Do you have a poor posture, general body aches and pains, have a weak core strength or suffer with non-specific low back pain?...
Pilates exercise can help address and to manage these body imbalances by teaching you, body awareness, creating length and space through your spine, specific targeting of different muscle groups and building general body and core strength.
Working 1:1 or in a smaller group can help to further progress you by working more specifically, and therefore also enhancing the Pilates principles of CONCENTRATION, CONTROL, CENTERING, FLOW, PRECISION and BREATHING.
The Reformer allows an instructor to view a client within its symmetrical framework which identifies alignment imbalances. Reformer exercise offers all the great benefits of Pilates including overall strength, flexibility, coordination and balance.
Building inner core strength through the Pilates powerhouse muscles of the core are paramount. Flat abs, strong backs, toned buttocks and thighs are all results of this emphasis. Other equipment and Pilates mat exercises do that too but the reformer creates a unique and varied exercise environment.
The reformer is large enough to accommodate full-range motion which is wonderful for increasing flexibility while building strength. It invites the length we want to create in the body and it trains the body to sustain that length. Pushing and pulling with legs or arms against the resistance of the springs, carriage, and body weight is generally strength building. When the springs are on a lighter setting however some exercises are more challenging for the core because it has to work harder to control and stabilize the movement.
The exercises provide enough resistance and movement variety to help build strong bones and also with certain exercises providing opportunities for eccentric muscle contraction work, this is when a muscle lengthens as it resists a force. The reformer is a set-up for eccentric contraction which is one of the keys to achieving long, strong muscles without bulk that Pilates is known for.
The stronger core the better the balance, posture, and overall well-being. Exercising with the reformer is possible for anyone, at any level of fitness.

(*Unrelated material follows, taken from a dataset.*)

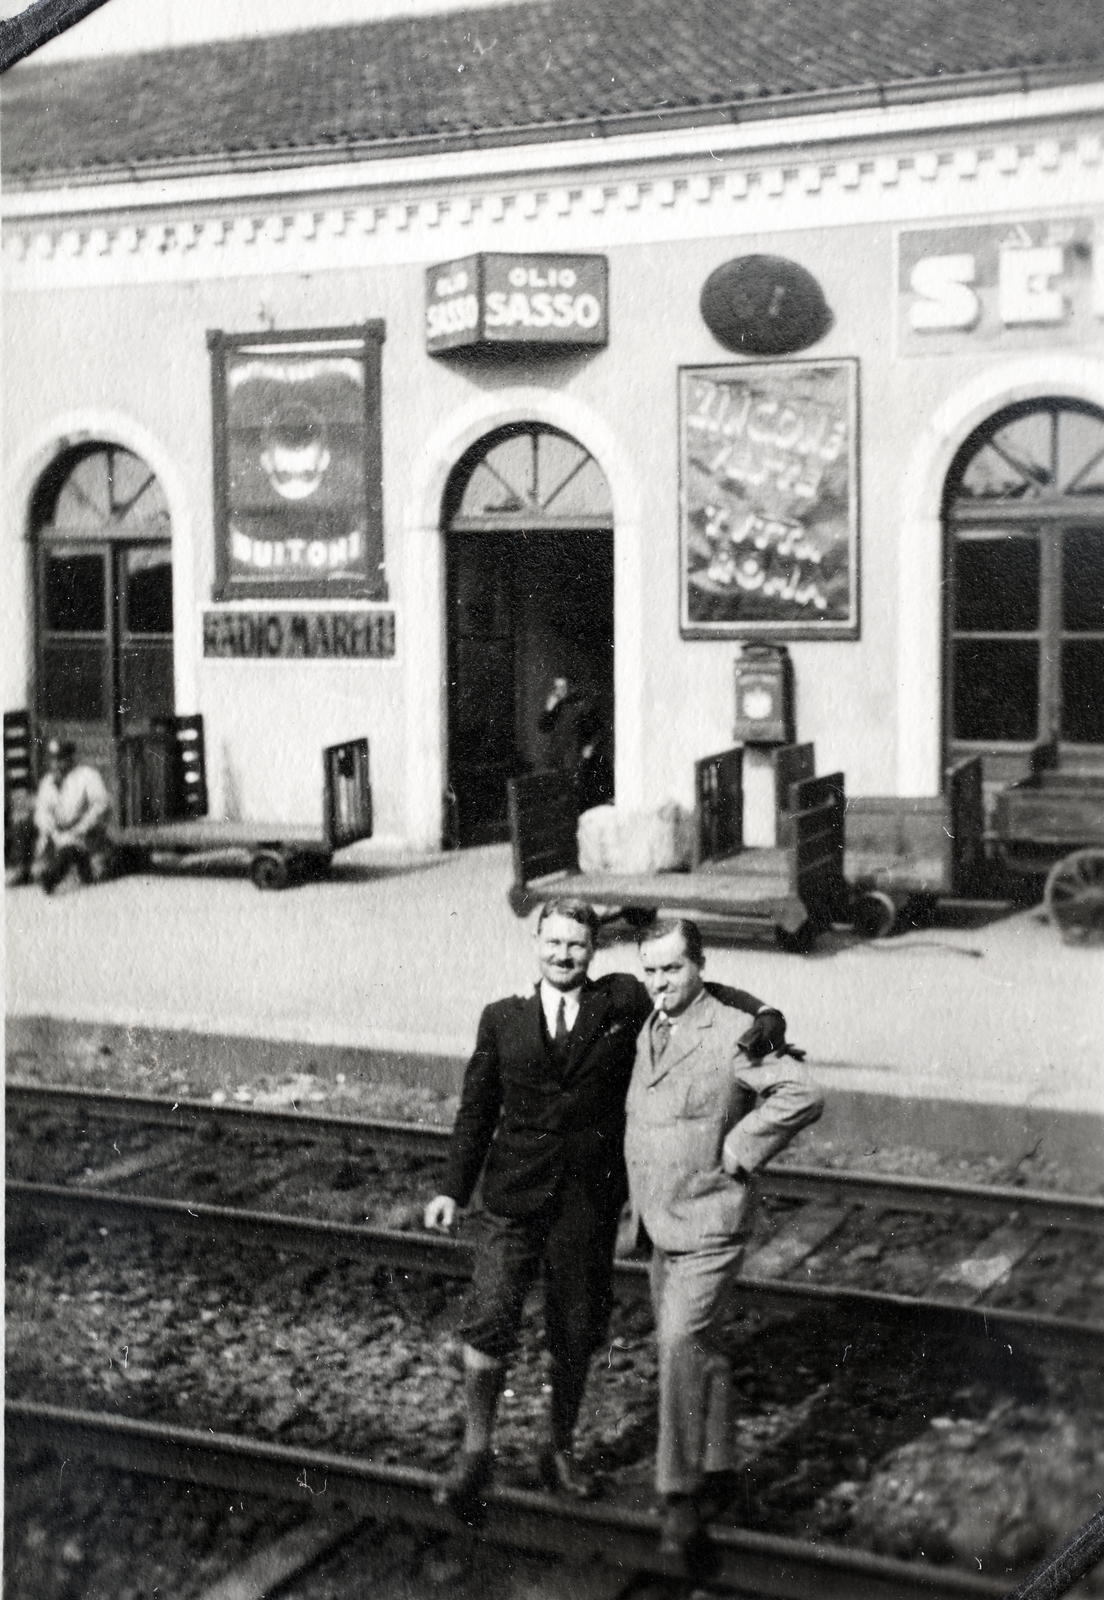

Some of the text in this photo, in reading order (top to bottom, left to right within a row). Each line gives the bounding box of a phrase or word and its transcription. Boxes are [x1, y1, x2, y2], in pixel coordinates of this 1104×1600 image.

Like the Reformer, the Pilates chair is another of Joseph Pilates' resistance exercise machines. The Pilates chair is basically a box with one side that can be pressed down against the resistance of springs, like a large pedal. Sometimes the pedal portion is divided into two parts that can be worked independently. As with the Reformer the chair can be used in all positions to exercise whether seated, standing, side-lying or lying on your front.
The original chair that Joseph Pilates designed actually did double-duty as furniture converting into a sitting chair.
The Pilates Chair offers a functional, different way to work and is very beneficial for older adults or for those who find lying down painful or uncomfortable. Being upright is very functional as it simulates everyday movements.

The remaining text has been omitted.